C. TXNDC5 Regulates ECM via Biglycan (BGN)

• scRNA-seq identified a specific EC cluster ($TXNDC5^{high}$) enriched for ECM genes, including BGN.
• TXNDC5 physically interacts with BGN. Molecular docking and mutagenesis (C89A, G351A) confirmed that TXNDC5's PDI active sites are essential for this binding.
• Folding Mechanism: TXNDC5 facilitates the correct disulfide bond formation and folding of BGN. Inhibition of TXNDC5's PDI activity or silencing TXNDC5 leads to BGN degradation and reduced secretion.
• Downstream Effect: Endothelial-specific deletion of BGN ($BGN^{ECKO}$) mimicked the protective effects of TXNDC5 deletion, confirming BGN as the critical effector.

D. Therapeutic Efficacy

• Pharmacological Inhibition: Treatment with the PDI inhibitor E64FC26 significantly reduced RVSP, reversed vascular remodeling, and improved right heart function in SuHx rats. Crucially, E64FC26 lost efficacy in $TXNDC5^{ECKO}$ mice, confirming its mechanism is TXNDC5-dependent.
• Gene Therapy: Endothelium-targeted scAAV delivery of shRNA against TXNDC5 (shTXN) effectively silenced the gene in the lungs and ameliorated PH severity.
• Biomarker Potential: Serum BGN levels were significantly elevated in PH patients and correlated strongly with mean pulmonary artery pressure (mPAP) and systolic pulmonary artery pressure (sPAP), suggesting BGN as a diagnostic biomarker.

5. Significance

This study provides a comprehensive mechanistic link between hypoxia, endothelial dysfunction, and extracellular matrix remodeling in Pulmonary Hypertension.

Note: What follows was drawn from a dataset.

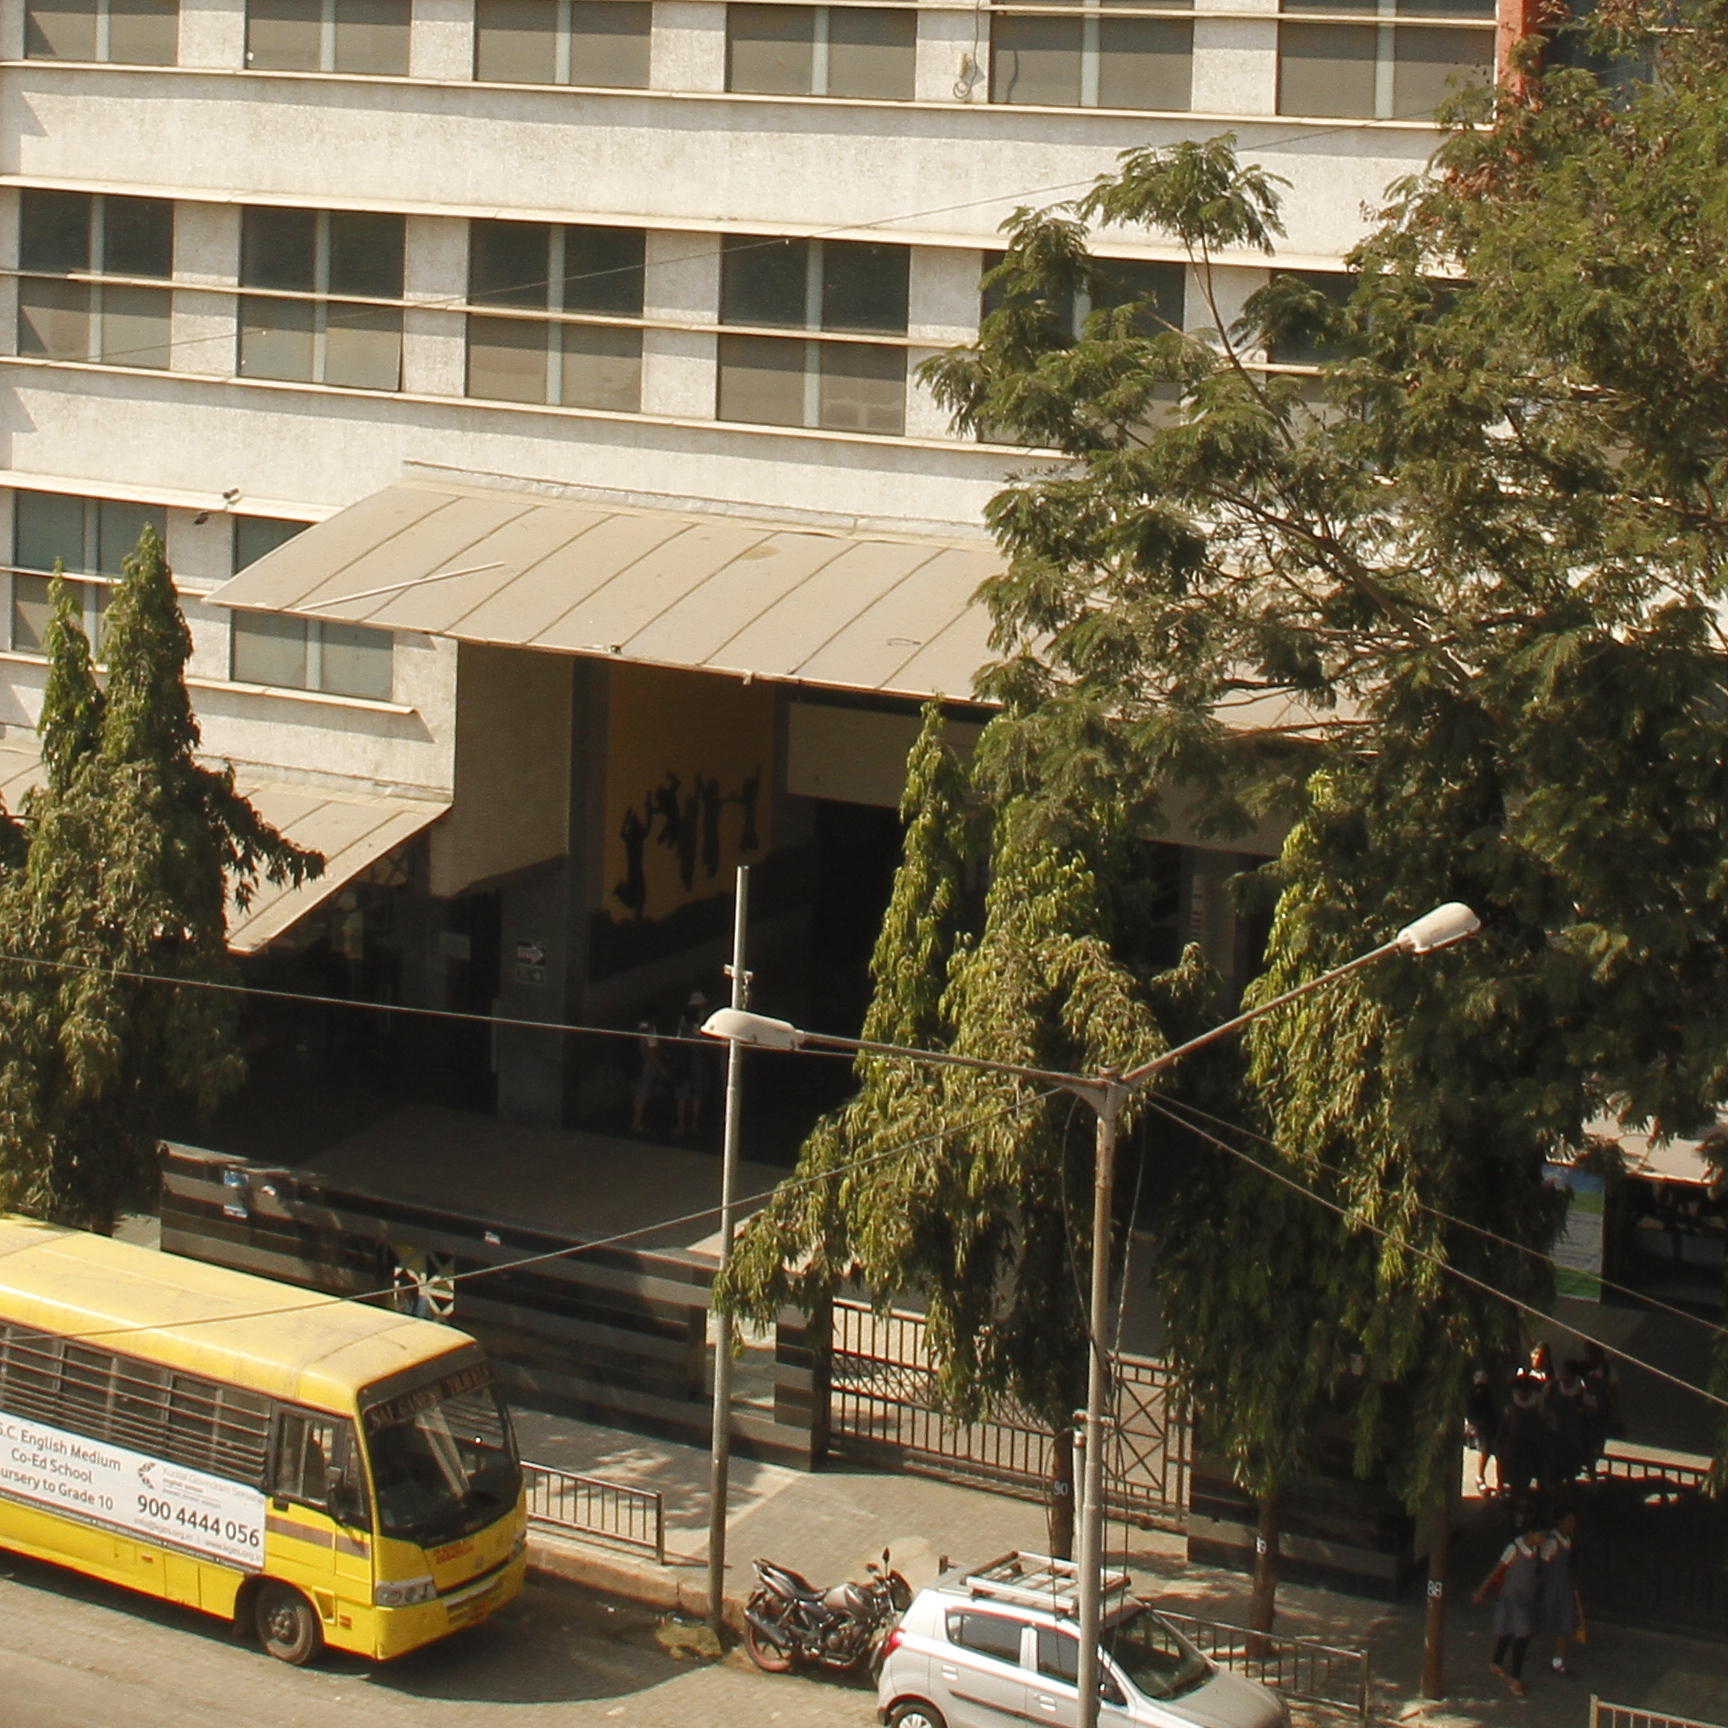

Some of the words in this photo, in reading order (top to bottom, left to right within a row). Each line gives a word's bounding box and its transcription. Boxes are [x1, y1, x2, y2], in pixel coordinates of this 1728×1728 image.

1. Novel Pathway: It defines the HIF-2α $\rightarrow$ TXNDC5 $\rightarrow$ BGN axis as a central driver of PH, moving beyond simple proliferation models to focus on protein folding and ECM homeostasis.
2. Therapeutic Target: TXNDC5 is validated as a promising, druggable target. The study demonstrates that inhibiting TXNDC5 (either chemically or genetically) can reverse established disease phenotypes in preclinical models.
3. Clinical Translation: The identification of serum BGN as a biomarker offers a potential tool for non-invasive diagnosis and monitoring of disease severity.
4. Precision Medicine: The findings highlight the importance of targeting endothelial-specific mechanisms, as global PDI inhibition might have off-target effects, whereas endothelial-targeted strategies (like the scAAV approach) show high specificity and efficacy.

In conclusion, the paper establishes TXNDC5 as a master regulator of ECM homeostasis in PH, offering a new paradigm for developing curative therapies that target the structural integrity of the pulmonary vasculature.